# Scent free rubber boots



## ROOSTER!!! (Sep 3, 2008)

Do all "scent free" rubber boots smell like rubber? Will it bother the deer? How can I get rid of that rubber smell?


----------



## RiverRob (Jul 24, 2007)

I got some muck boots and they werent too bad helped alot after wearing them for awhile. But i got my wife some all rubbers and they stunk...this is what worked. Take a big can of juice, cut lid half off and bend up, take the type of can opener that you use to pop holes in top of can with and go around outside bottom ring and pop holes in every 1/2 inch or so, stuff with leaves and dried grass grab with extra long needle noses and light through bottom hole until it smokes like cheech and chongs havin a party and if flame brews bend lid down and blow out and smoke will role out......I smoke the boots real heavy then boil up leaves, twigs, bark ect then take juice and spray down then seal off leg area and bury them in dirt for a day or so......should do the trick then just spray with scent killer before you go out.
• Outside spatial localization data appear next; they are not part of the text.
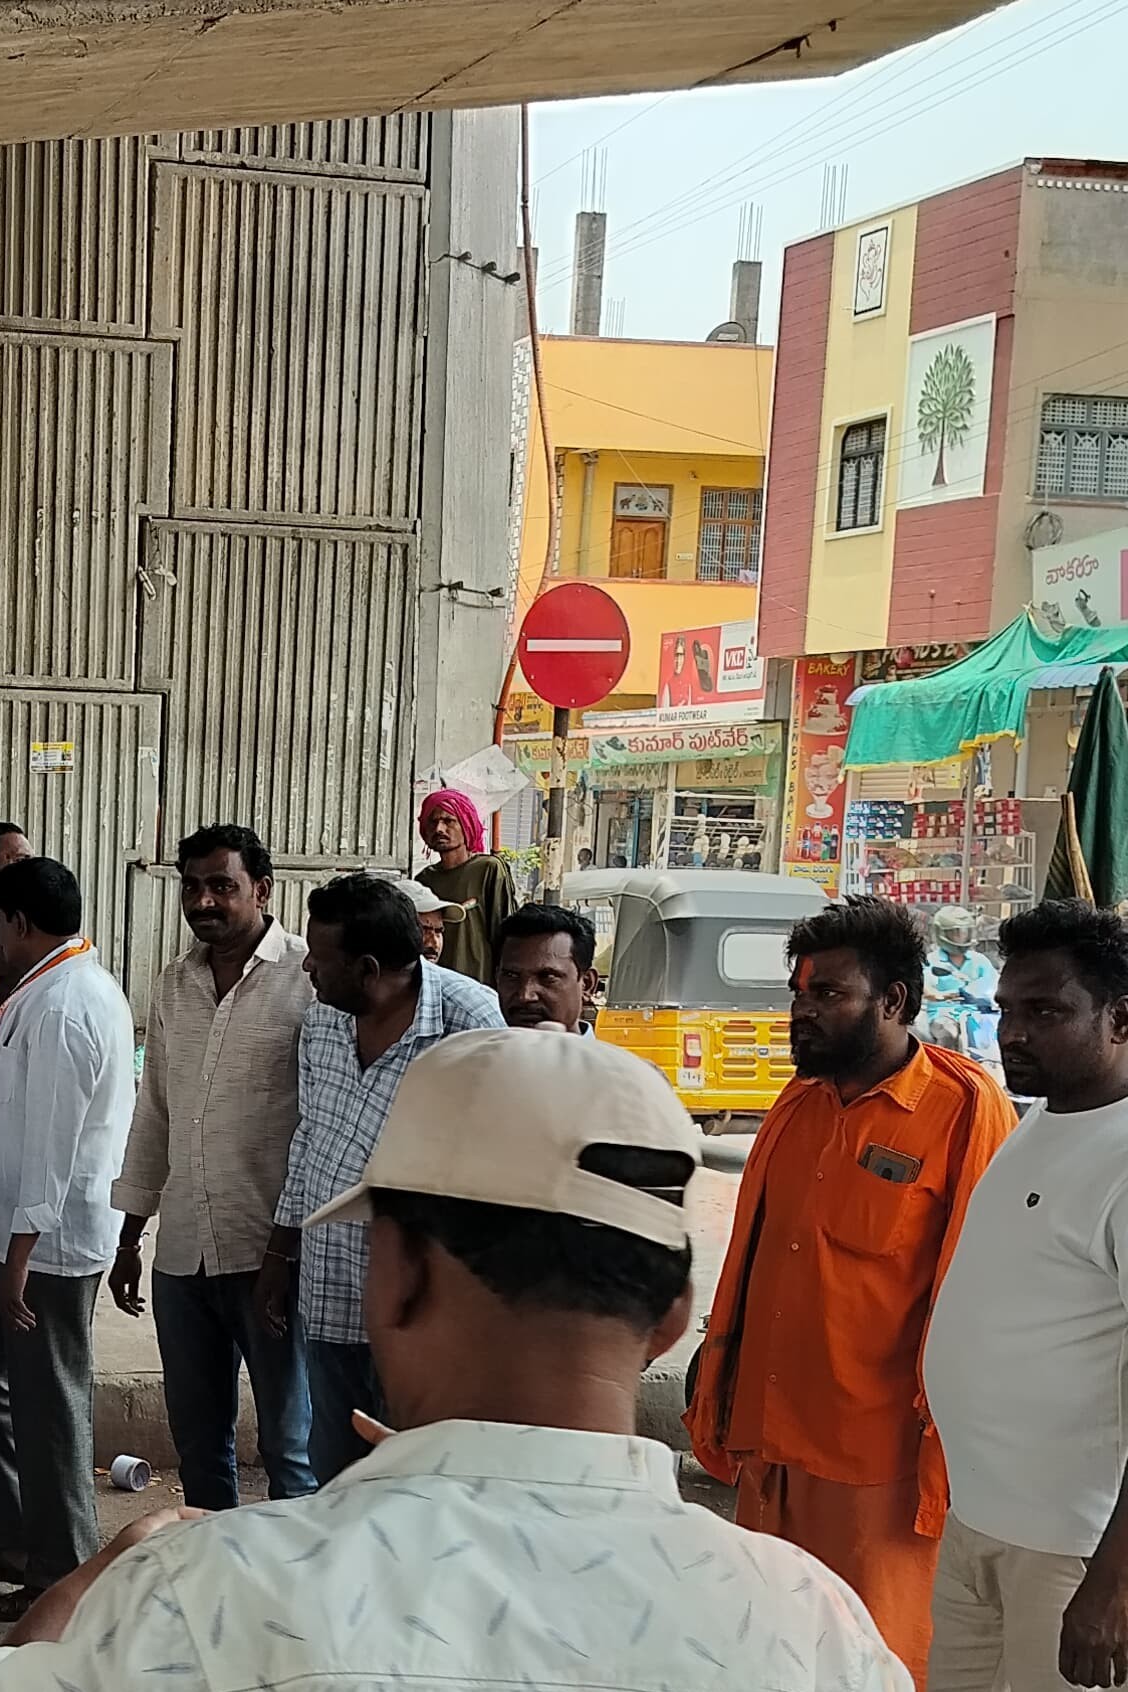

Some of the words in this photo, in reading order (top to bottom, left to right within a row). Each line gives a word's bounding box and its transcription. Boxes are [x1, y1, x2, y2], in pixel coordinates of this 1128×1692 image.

[725, 649, 745, 669] VKC
[807, 662, 850, 676] BAKERY
[678, 709, 708, 721] FOOTWEAR
[628, 731, 685, 754] కుమార్
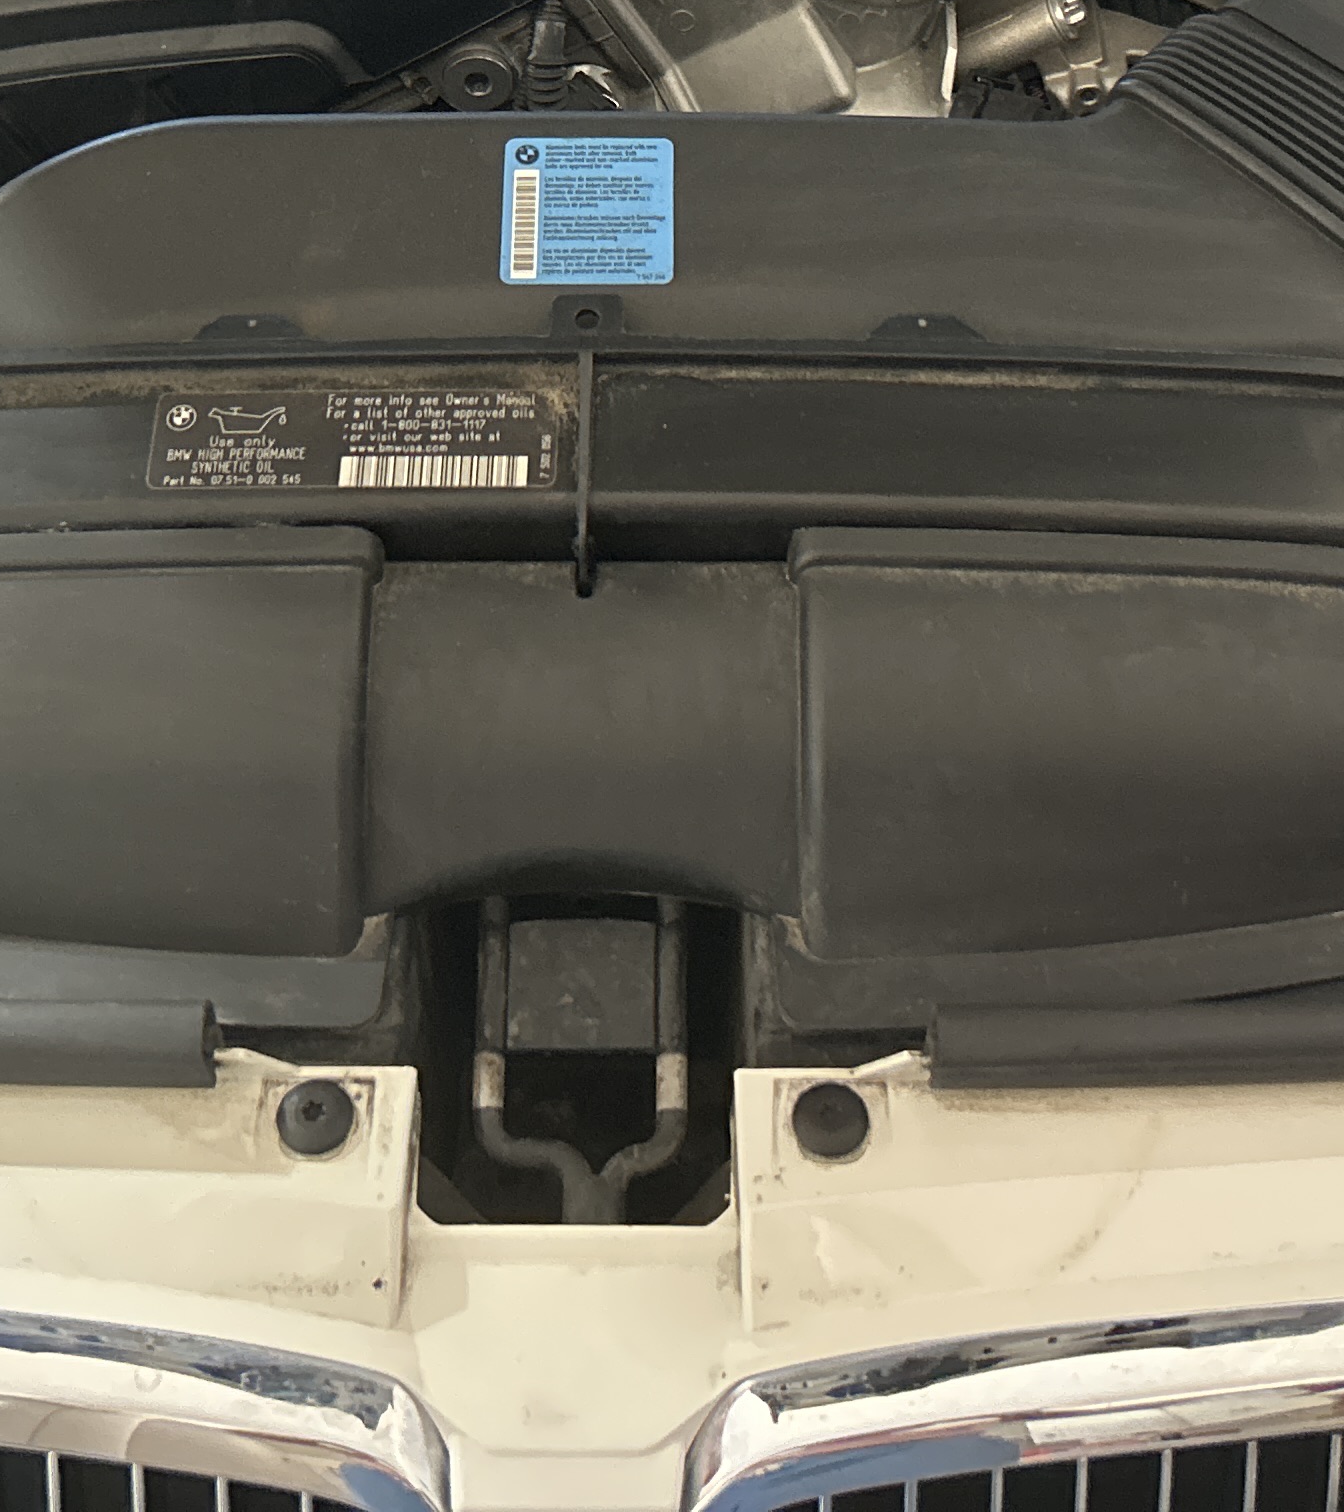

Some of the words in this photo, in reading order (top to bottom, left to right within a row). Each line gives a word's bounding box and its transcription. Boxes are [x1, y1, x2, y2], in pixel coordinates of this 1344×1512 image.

[328, 394, 347, 406] For
[354, 396, 381, 406] more
[419, 396, 439, 406] see
[446, 393, 490, 406] Owner's
[497, 393, 536, 406] Manual
[326, 407, 346, 418] For
[353, 409, 360, 418] a
[367, 406, 388, 418] list
[395, 406, 408, 418] of
[415, 406, 446, 418] other
[453, 406, 505, 421] approved
[512, 406, 535, 418] oils
[351, 420, 374, 430] call
[382, 419, 486, 430] 1-800-831-1117
[209, 435, 234, 447] Use
[244, 434, 275, 449] only
[350, 433, 362, 442] or
[370, 431, 397, 442] visit
[404, 433, 422, 442] our
[430, 431, 452, 442] web
[459, 431, 481, 442] site
[488, 431, 501, 442] at
[349, 442, 448, 453] www.bmwusa.com
[166, 448, 193, 462] BMW
[198, 448, 224, 461] HIGH
[229, 447, 306, 461] PERFORMANCE
[191, 461, 251, 474] SYNTHETIC
[256, 461, 274, 473] OIL
[163, 475, 184, 486] Part
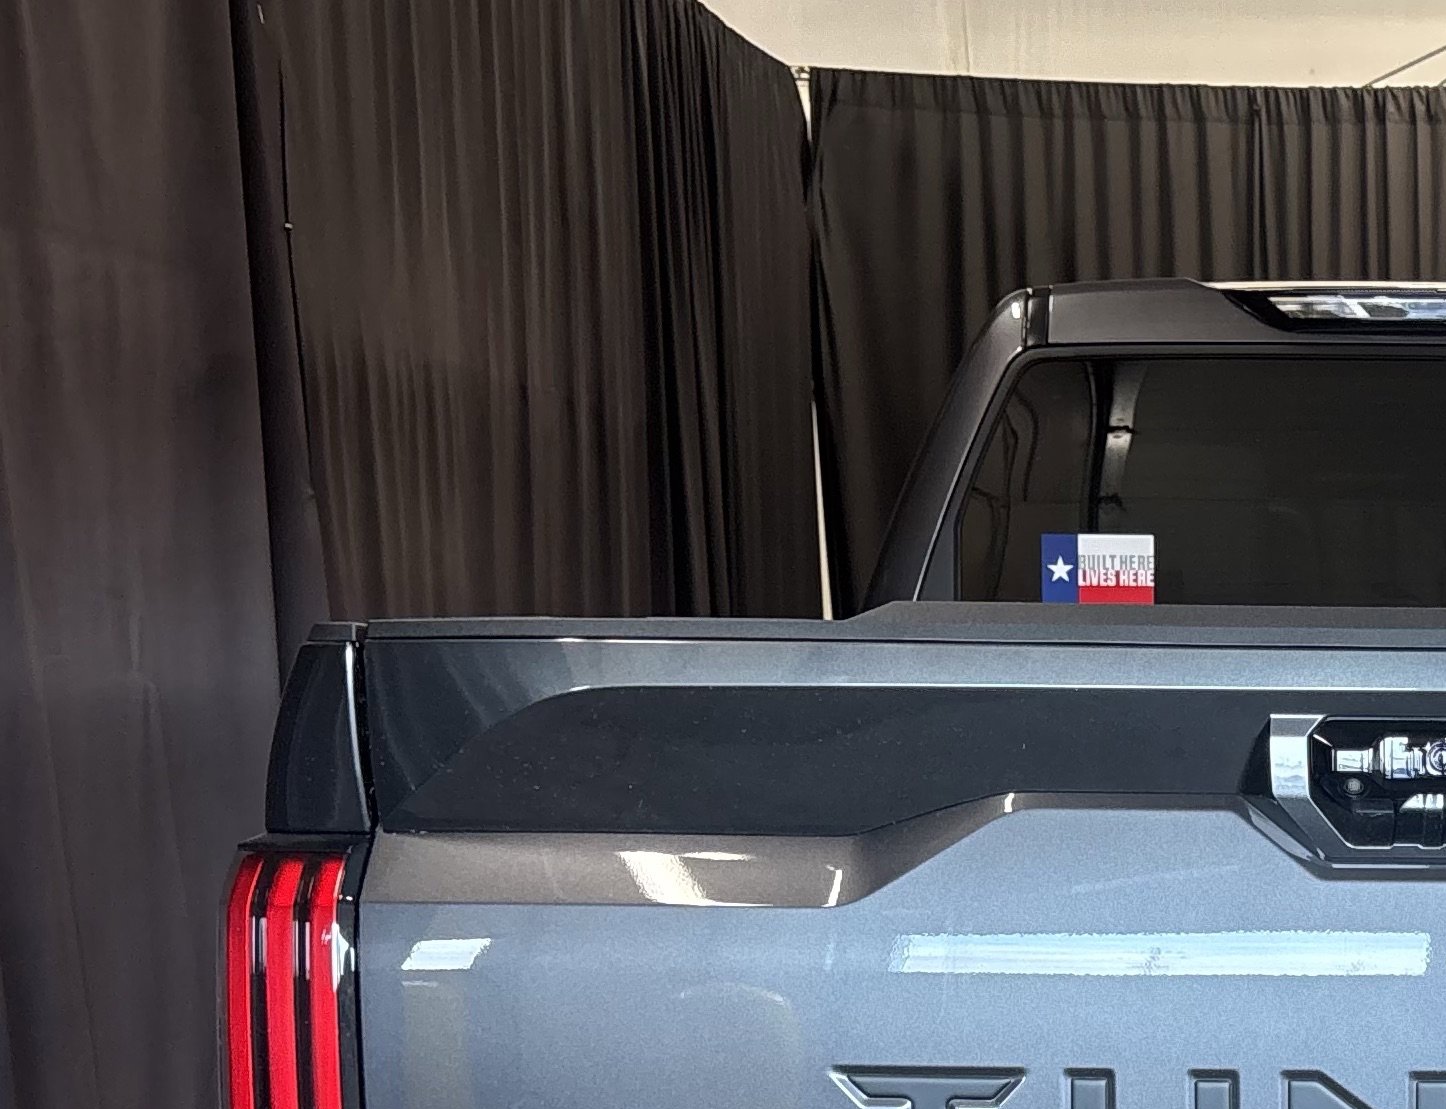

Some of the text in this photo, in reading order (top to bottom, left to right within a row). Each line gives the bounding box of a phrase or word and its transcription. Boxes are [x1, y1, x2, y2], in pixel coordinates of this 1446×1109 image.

[1078, 555, 1155, 570] BUILT HERE
[1078, 570, 1155, 587] LIVES HERE
I also use that smoker to do new blinds, tree stands and gear. It works better as a cover scent where people use woods stove more, I know back in Vt every other house has smoke rolling out of it in fall and winter. That should get the most of it out though, helps some of this info helps.


----------



## deerslayer80 (Mar 27, 2007)

It just takes time. Try to get them in the mud a few times and after a short while the smell should start to disipate.


----------



## barebackjack (Sep 5, 2006)

Put em outside out of direct sunlight and rain. Couple months theyll be fine. But it does take quite while. You basically need to do this in July.


----------



## buckseye (Dec 8, 2003)

Although the smell may be a new smell to the deer it is not human scent. The deer may be a touch more alert but wont worry much about the smell of new rubber boots.


----------